* _EXERCISE AIM_:
Keep the pictures out, please, and set down every record exactly.

Phrase grounding data:

-- -- --

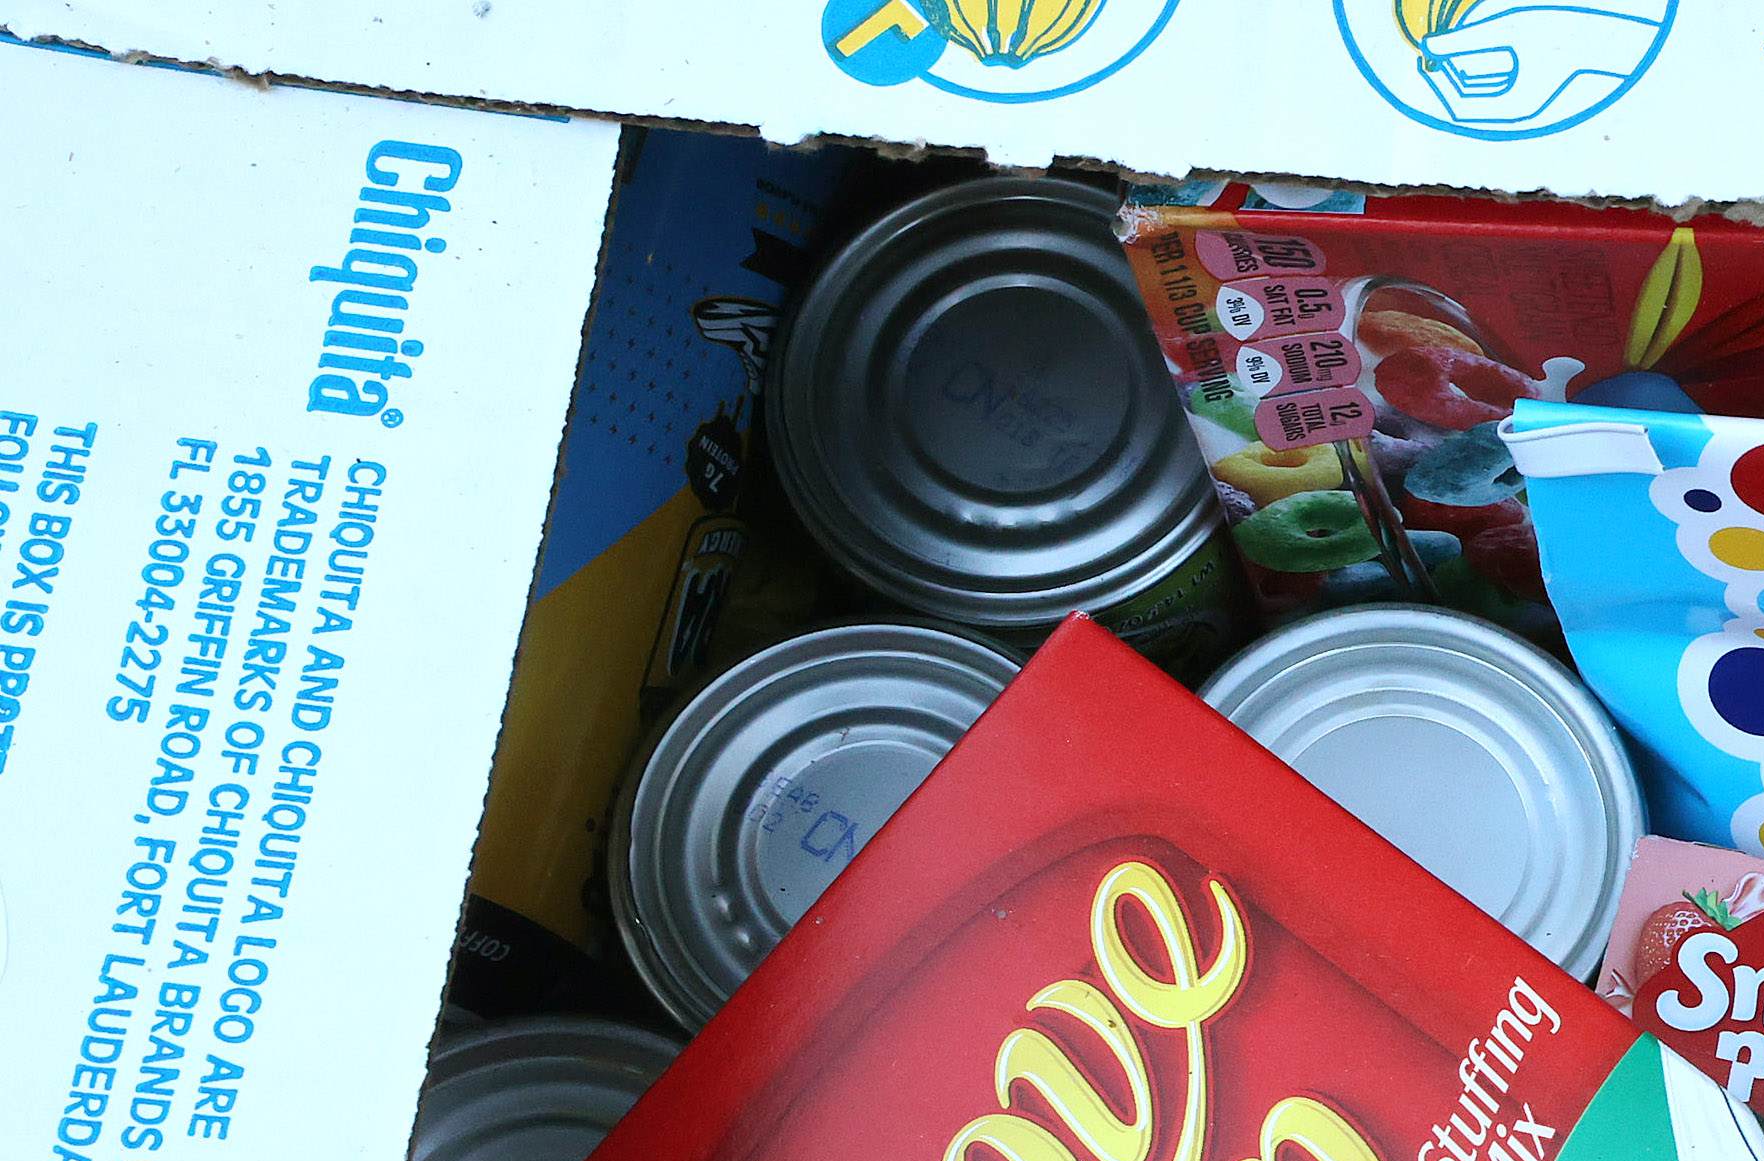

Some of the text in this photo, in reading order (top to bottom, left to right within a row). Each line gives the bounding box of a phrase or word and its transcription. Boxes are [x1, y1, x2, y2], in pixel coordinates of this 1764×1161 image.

[307, 140, 463, 417] Chiquita
[1152, 231, 1185, 264] PER
[1163, 274, 1198, 303] 1/3
[1174, 300, 1213, 336] CUP
[1226, 297, 1252, 327] 3% DV
[1263, 284, 1296, 326] SAT FAT
[1187, 337, 1234, 403] SERVING
[1245, 355, 1271, 385] 9% DV
[1281, 343, 1313, 385] SODIUM
[1276, 402, 1306, 443] SUGARS
[1301, 402, 1326, 433] TOTAL
[36, 421, 98, 506] THIS
[215, 446, 273, 543] 1855
[11, 511, 73, 595] BOX
[105, 436, 218, 724] FL 33004-2275
[233, 454, 332, 713] TRADEMARKS
[0, 600, 49, 637] IS
[175, 552, 247, 698] GRIFFIN
[133, 703, 211, 825] ROAD,
[221, 720, 265, 776] OF
[186, 460, 388, 1141] CHIQUITA AND CHIQUITA LOGO ARE
[111, 835, 177, 946] FORT
[167, 782, 251, 969] CHIQUITA
[120, 981, 202, 1152] BRANDS
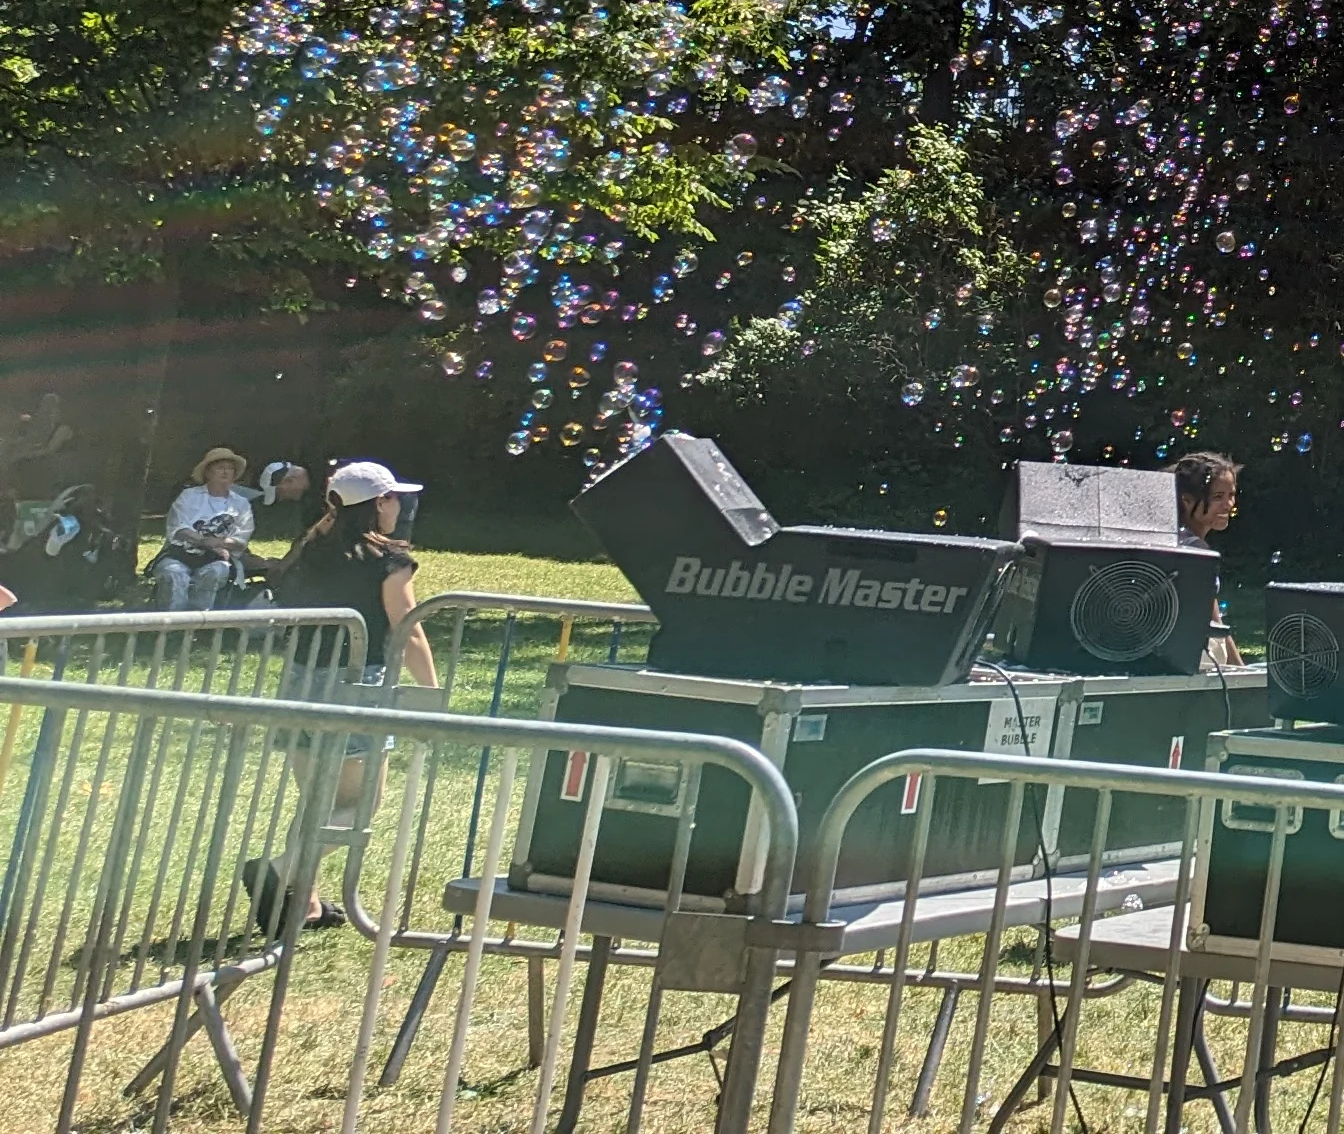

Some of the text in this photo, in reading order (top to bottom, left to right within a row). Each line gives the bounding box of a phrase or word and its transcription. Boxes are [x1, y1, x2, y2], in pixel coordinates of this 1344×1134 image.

[663, 556, 814, 604] Bubble
[817, 566, 969, 614] Master
[1003, 715, 1041, 728] MATER
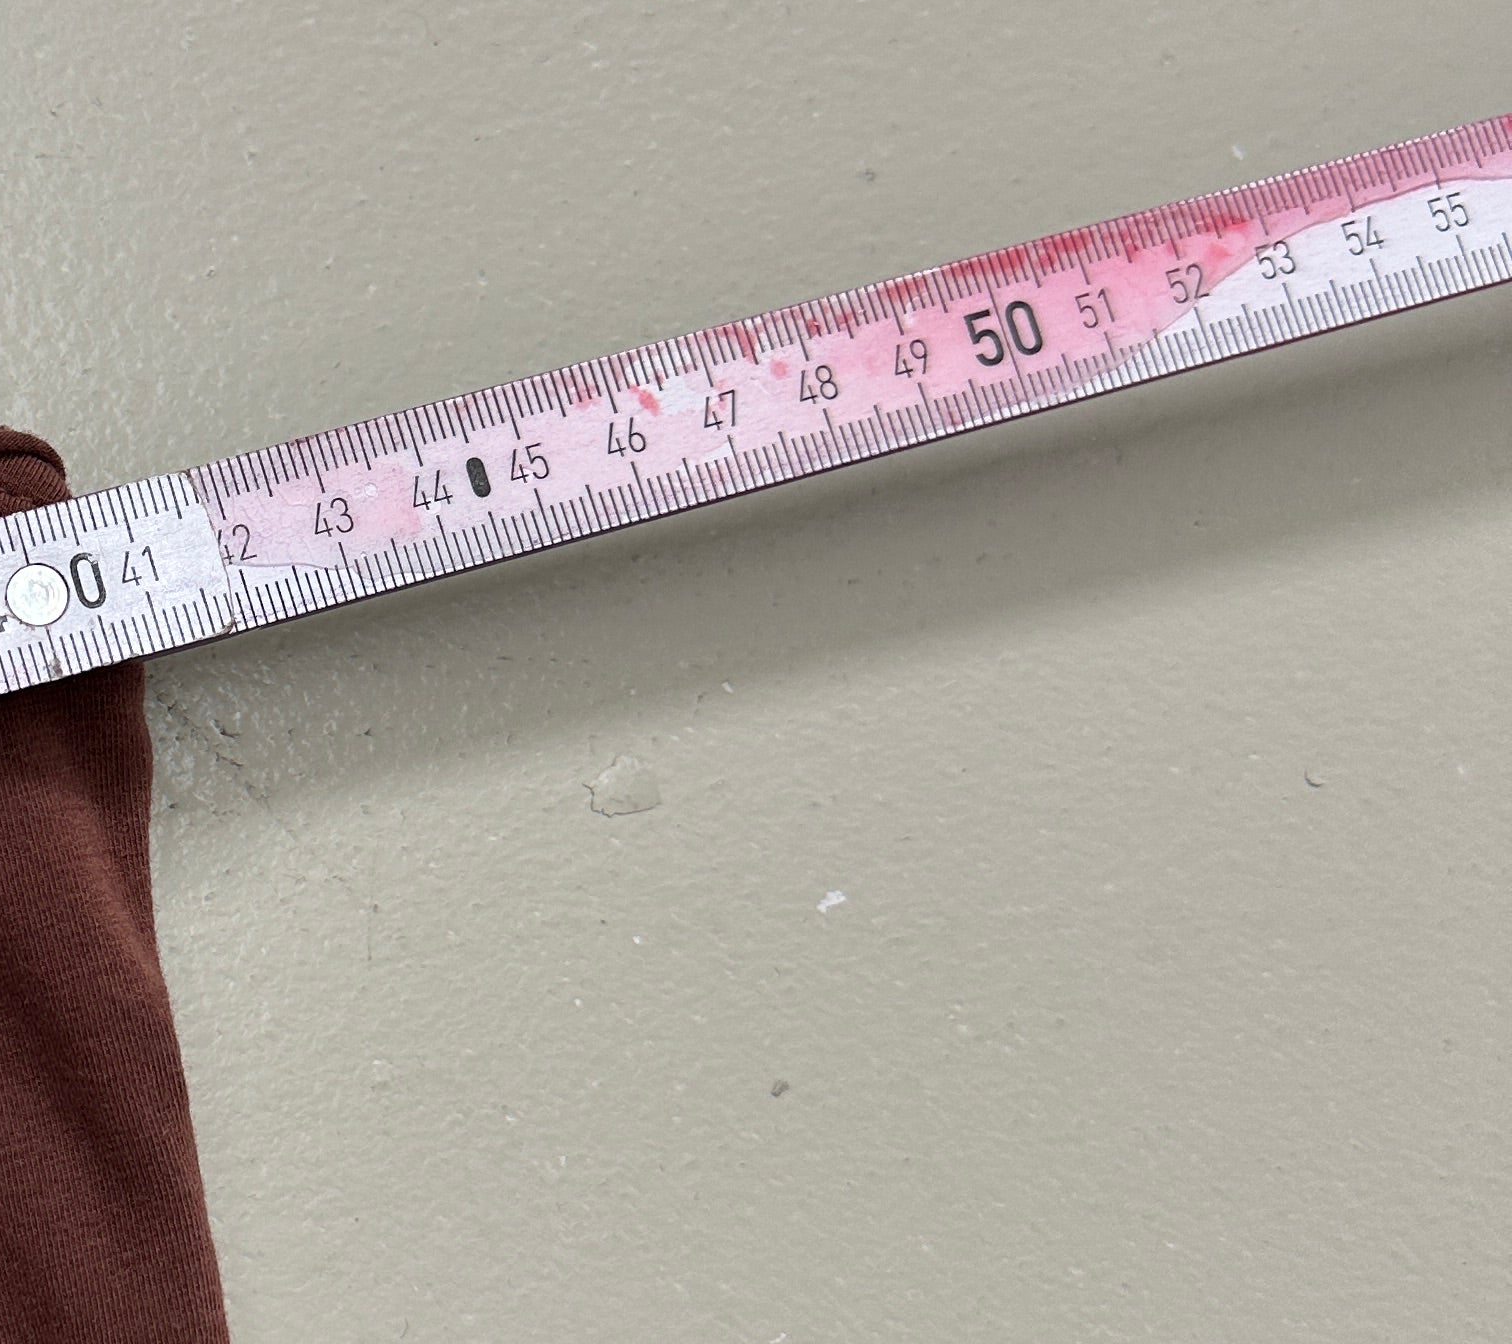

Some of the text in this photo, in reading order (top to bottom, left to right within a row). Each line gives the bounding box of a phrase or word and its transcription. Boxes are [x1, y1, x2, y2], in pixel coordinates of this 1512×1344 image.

[121, 546, 161, 587] 41
[313, 497, 355, 537] 43
[412, 470, 454, 511] 44
[510, 442, 550, 484] 45
[607, 417, 647, 458] 46
[703, 389, 736, 431] 47
[799, 365, 840, 406] 48
[894, 339, 929, 379] 49
[963, 300, 1044, 366] 50
[1075, 289, 1117, 329] 51
[1165, 263, 1210, 305] 52
[1255, 239, 1298, 280] 53
[1341, 215, 1385, 256] 54
[1427, 192, 1471, 233] 55
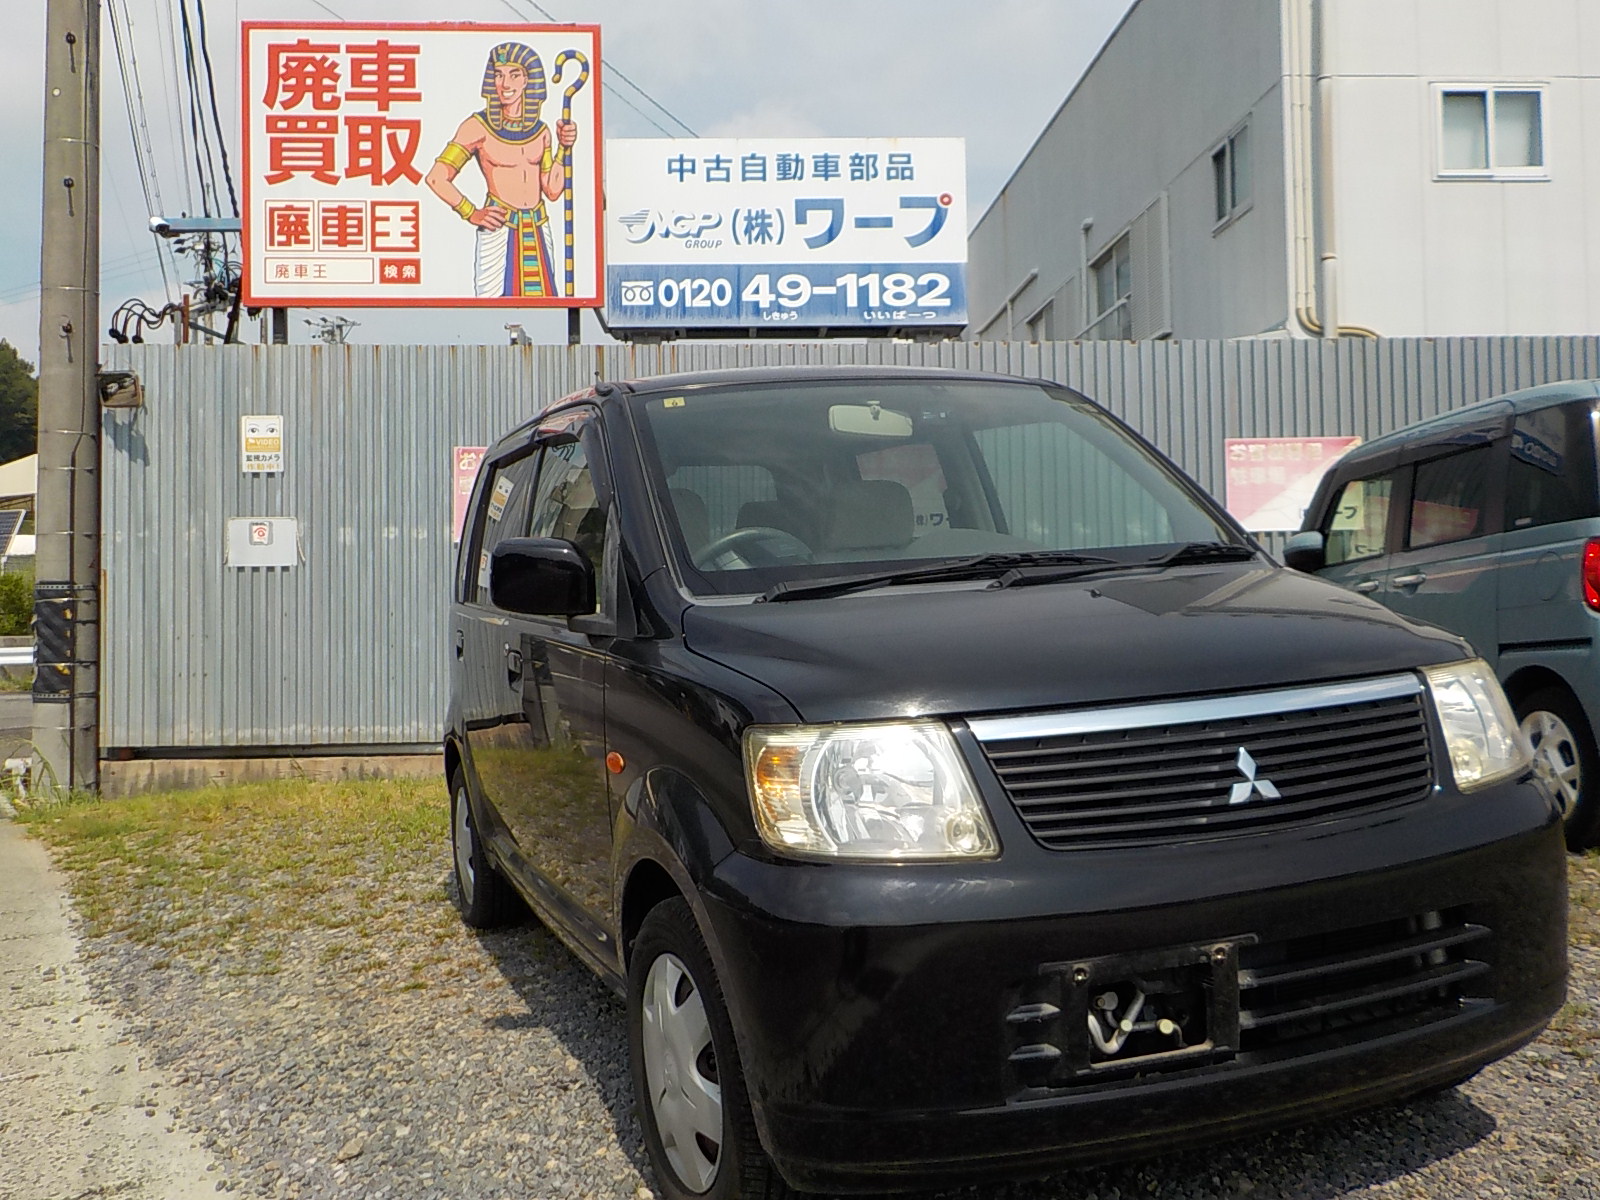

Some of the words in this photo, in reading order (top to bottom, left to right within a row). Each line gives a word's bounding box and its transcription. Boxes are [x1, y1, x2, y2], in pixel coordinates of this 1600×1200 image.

-- -- --

* _ANSWER TO THE PROBLEM_:
Some of the text in this photo, in reading order (top to bottom, left to right within a row). Each line gives the bounding box of a phrase or word and its transcription. Boxes are [x1, y1, x2, y2], in pixel coordinates of this 1764×1161 image.

[307, 140, 463, 417] Chiquita
[1152, 231, 1185, 264] PER
[1163, 274, 1198, 303] 1/3
[1174, 300, 1213, 336] CUP
[1226, 297, 1252, 327] 3% DV
[1263, 284, 1296, 326] SAT FAT
[1187, 337, 1234, 403] SERVING
[1245, 355, 1271, 385] 9% DV
[1281, 343, 1313, 385] SODIUM
[1276, 402, 1306, 443] SUGARS
[1301, 402, 1326, 433] TOTAL
[36, 421, 98, 506] THIS
[215, 446, 273, 543] 1855
[11, 511, 73, 595] BOX
[105, 436, 218, 724] FL 33004-2275
[233, 454, 332, 713] TRADEMARKS
[0, 600, 49, 637] IS
[175, 552, 247, 698] GRIFFIN
[133, 703, 211, 825] ROAD,
[221, 720, 265, 776] OF
[186, 460, 388, 1141] CHIQUITA AND CHIQUITA LOGO ARE
[111, 835, 177, 946] FORT
[167, 782, 251, 969] CHIQUITA
[120, 981, 202, 1152] BRANDS

Some of the text in this photo, in reading order (top to bottom, left to right within a row). Each line gives the bounding box of a phrase or word and its transcription. Boxes are [x1, y1, x2, y2], in pixel coordinates of this 1344×1134 image.

[663, 556, 814, 604] Bubble
[817, 566, 969, 614] Master
[1003, 715, 1041, 728] MATER

Some of the text in this photo, in reading order (top to bottom, left to right within a row). Each line gives the bounding box of a phrase or word and its transcription. Boxes are [x1, y1, x2, y2], in pixel coordinates of this 1512×1344 image.

[121, 546, 161, 587] 41
[313, 497, 355, 537] 43
[412, 470, 454, 511] 44
[510, 442, 550, 484] 45
[607, 417, 647, 458] 46
[703, 389, 736, 431] 47
[799, 365, 840, 406] 48
[894, 339, 929, 379] 49
[963, 300, 1044, 366] 50
[1075, 289, 1117, 329] 51
[1165, 263, 1210, 305] 52
[1255, 239, 1298, 280] 53
[1341, 215, 1385, 256] 54
[1427, 192, 1471, 233] 55

Some of the words in this photo, in reading order (top to bottom, left to right within a row). Each line gives a word's bounding box and its transcription. Boxes are [x1, y1, x2, y2], in pixel coordinates of this 1600×1200 image.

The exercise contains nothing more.